- Born: October 16, 1969 (age 56)
- Occupation: Visual effects artist
- Years active: 1995-present

= Scott Stokdyk =

American visual effects artist (born 1969)

Scott Stokdyk (born October 16, 1969) is an American visual effects artist who is best known for his work on the films Spider-Man and Spider-Man 2.

==Oscar history==

Stokdyk has won the Academy Award for Best Visual Effects once, with a further two nominations. All of the following are in this category:

- 73rd Academy Awards-Nominated for Hollow Man, nomination shared with Scott E. Anderson, Craig Hayes and Stan Parks. Lost to Gladiator.
- 75th Academy Awards-Nominated for Spider-Man.

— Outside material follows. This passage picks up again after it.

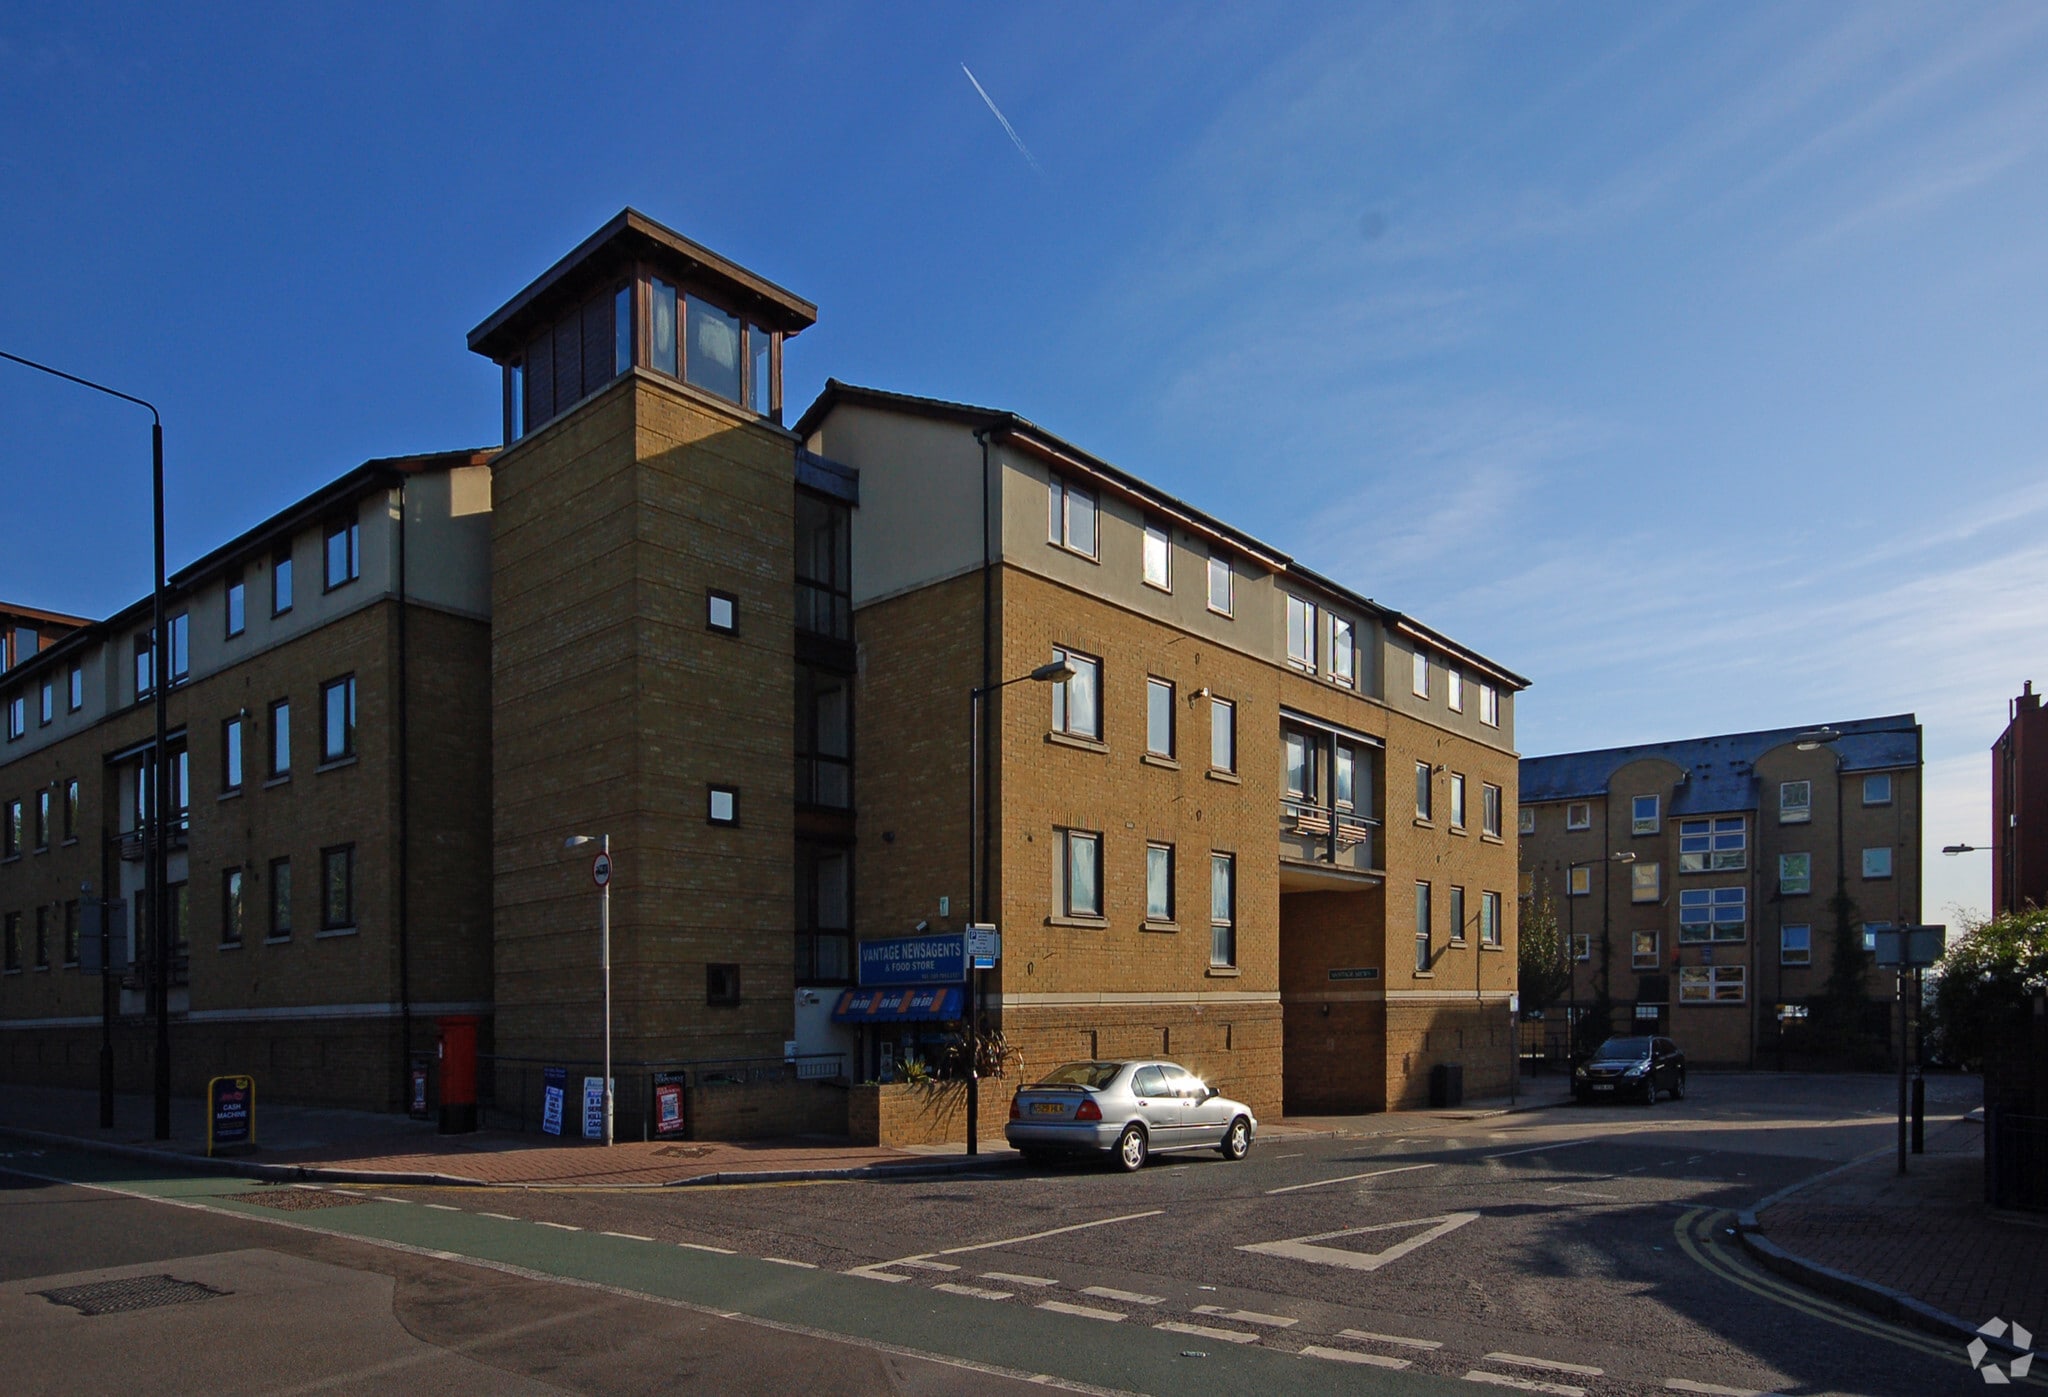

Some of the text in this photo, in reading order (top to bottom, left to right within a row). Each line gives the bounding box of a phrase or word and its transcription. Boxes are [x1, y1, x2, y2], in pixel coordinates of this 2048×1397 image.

Nomination shared with John Dykstra, John Frazier and Anthony LaMolinara. Lost to The Lord of the Rings: The Two Towers.
- 77th Academy Awards-Spider-Man 2, award shared with John Dykstra, John Frazier and Anthony LaMolinara. Won.

==Selected filmography==
- Broken Arrow (1996)
- The Fifth Element (1997)
- Titanic (1997)
- Godzilla (1998)
- Hollow Man (2000)
- Spider-Man (2002)
- Spider-Man 2 (2004)
- Spider-Man 3 (2007)
- G-Force (2009)
- Oz the Great and Powerful (2013)
- The Fantastic Four: First Steps (2025)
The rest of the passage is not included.